One hundred and twenty-five days after John’s death finds Sherlock alive again in the eyes of the public, and living in a small flat on the opposite side of London from Baker Street. Mycroft had agreed to pay for the flat as long as Sherlock would get out of bed and do something with his life, and Sherlock throws himself back into cases with a fervour that seems to disconcert both Lestrade and Mrs. Hudson. Sherlock doesn’t care. He needs the distraction from his thoughts. And the harder he’s working, the smaller the chance that he’ll find his old dealer and try to numb out the world again. The only thing that stops him is the thought that John would not approve, and since Sherlock wants him around to help solve cases, he’s not going to do anything to chase away that little voice inside his head.

Sometimes, though, he wonders how long he’s going to be able to keep doing this. The wall in his mind stays in place, but every single day it still hurts to breathe, still hurts more than any knife or gunshot wound, and – promise or no promise – it’s taking everything Sherlock has to not put a bullet in his temple.

_Why did you tell me to never give up?_

_Because the world needs you. And because you deserve a good life._

_John – this isn’t – I can’t – I can’t do this without you._

_Come on, Sherlock. I didn’t kill myself when you were dead. Surely you can do the same._

_You always were the stronger of the two of us._

\- - -

By day one hundred and fifty-six, Sherlock is convinced that he’s never going to heal. That nothing that hurts this much could ever be anything other than agony.
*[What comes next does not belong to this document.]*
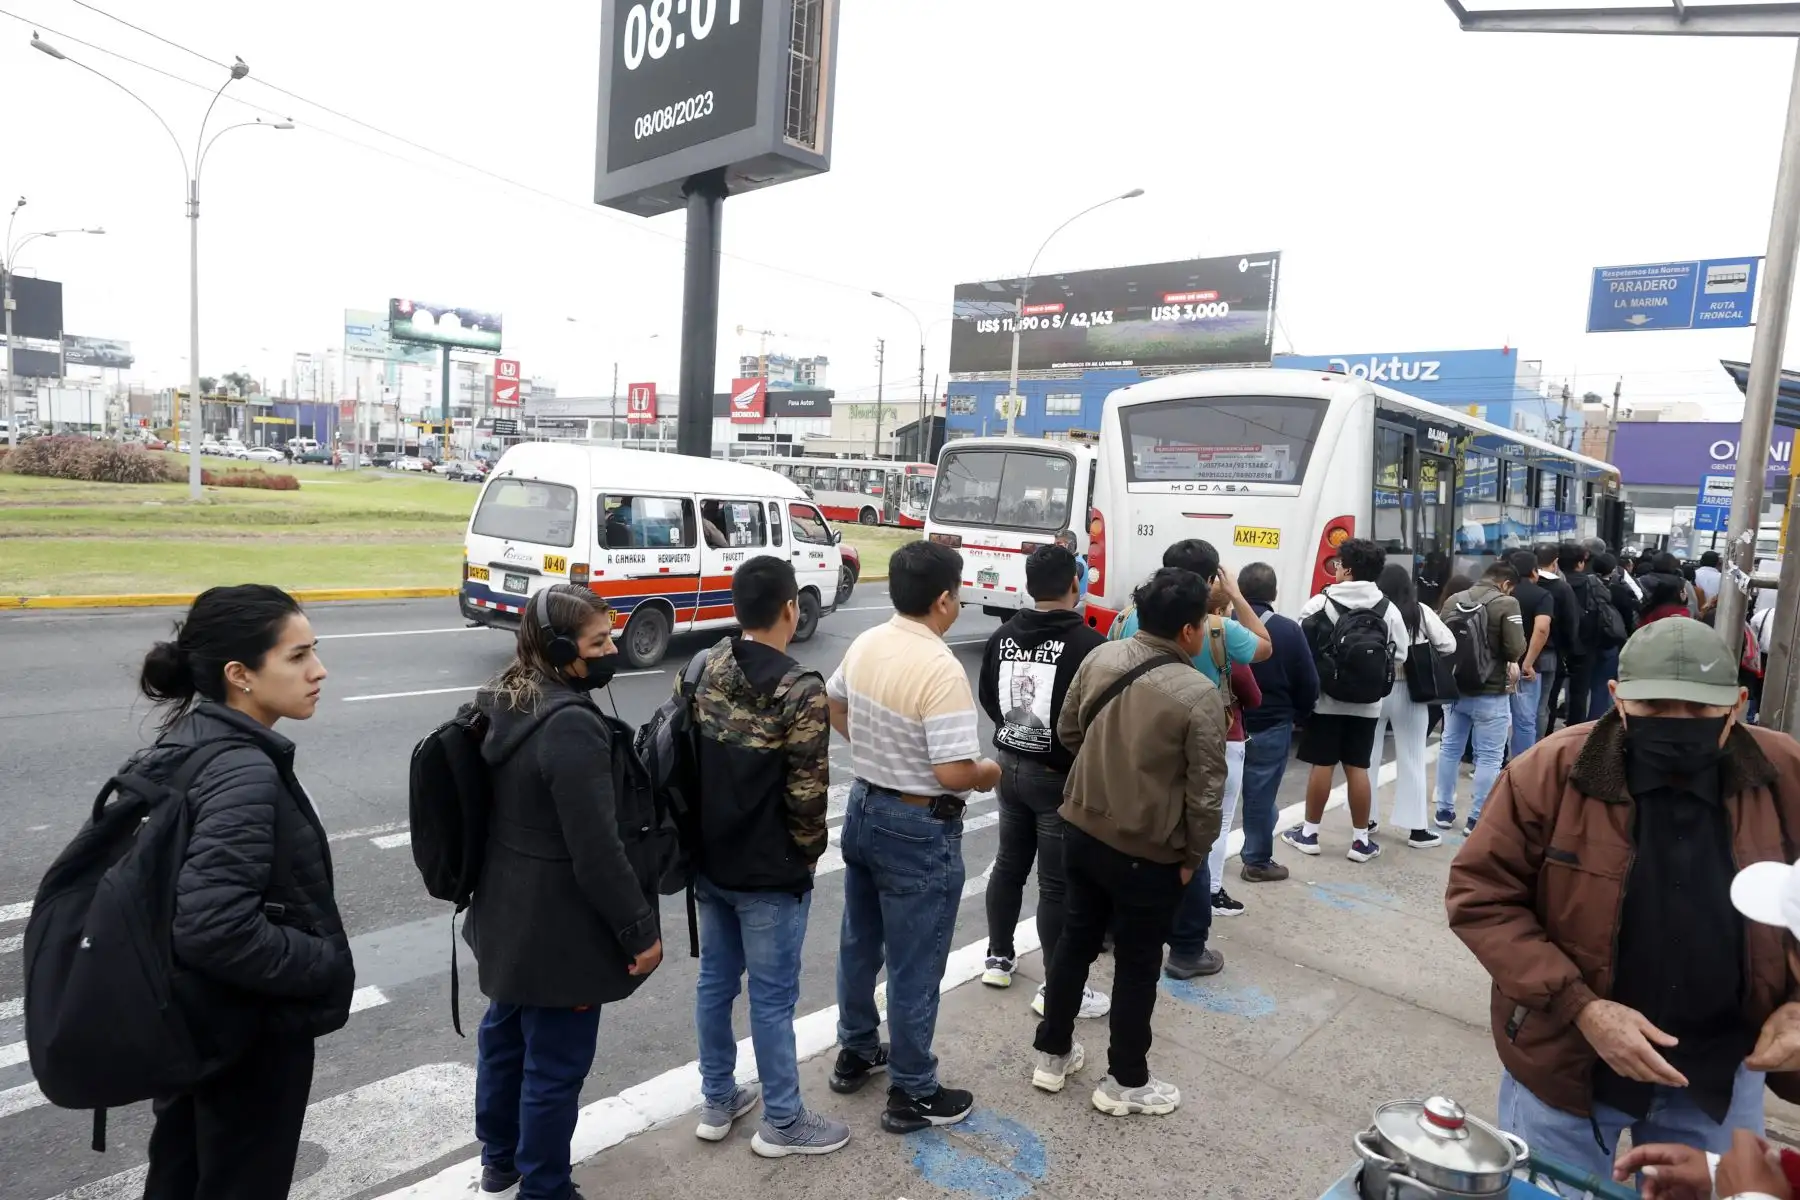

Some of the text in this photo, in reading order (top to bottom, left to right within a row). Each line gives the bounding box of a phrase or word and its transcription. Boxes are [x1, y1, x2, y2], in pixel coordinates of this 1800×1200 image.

Giving up isn’t an option, though, and so he’s standing in the middle of his new flat, _first floor apartment,_ _one bedroom, no sliding door between the kitchen and the sitting area, front door opens straight onto the street, completely unlike Baker Street,_ staringat a wall covered in evidence, when his phone rings. He considers not answering it, but he owes Mycroft more than he’s at all comfortable with, _He helped to keep you alive, Sherlock – we both owe him for that,_ and so he sits down on the sofa chair and answers the phone.

“Mycroft.”

There’s nothing but silence on the other end of the phone, until Sherlock hears his brother make a noise that sounds like something between… relief and concern, maybe? He’s just about to ask for some answers when Mycroft clears his throat.

“I – are you in your flat?”

“Why?”

“There’s someone who wants to see you. He should be arriving soon.”

“You’re sending someone to my flat?”

“You shouldn’t mind this one. Just – don’t go anywhere. I will talk to you at a later date.”

Mycroft hangs up before Sherlock can ask a single question, and Sherlock scowls at his phone for a minute before he drops it to the carpet. The sofa chair is comfortable, and the front door is open. Whoever wants to see him can either let himself in, or he can come back some other time.

_Without me around, it might serve you well to make some new friends, you know._

_Not worth it. They wouldn’t be you._

There’s something that sounds like a sad sigh in Sherlock’s mind, and he’s just dealing with a new wave of pain when there’s a knock on his door. He squeezes his eyes closed as he tries to breathe through it, but by the time the door opens, he’s still aching inside, _worst timing ever,_ and he doesn’t open his eyes even when he hears the door click shut.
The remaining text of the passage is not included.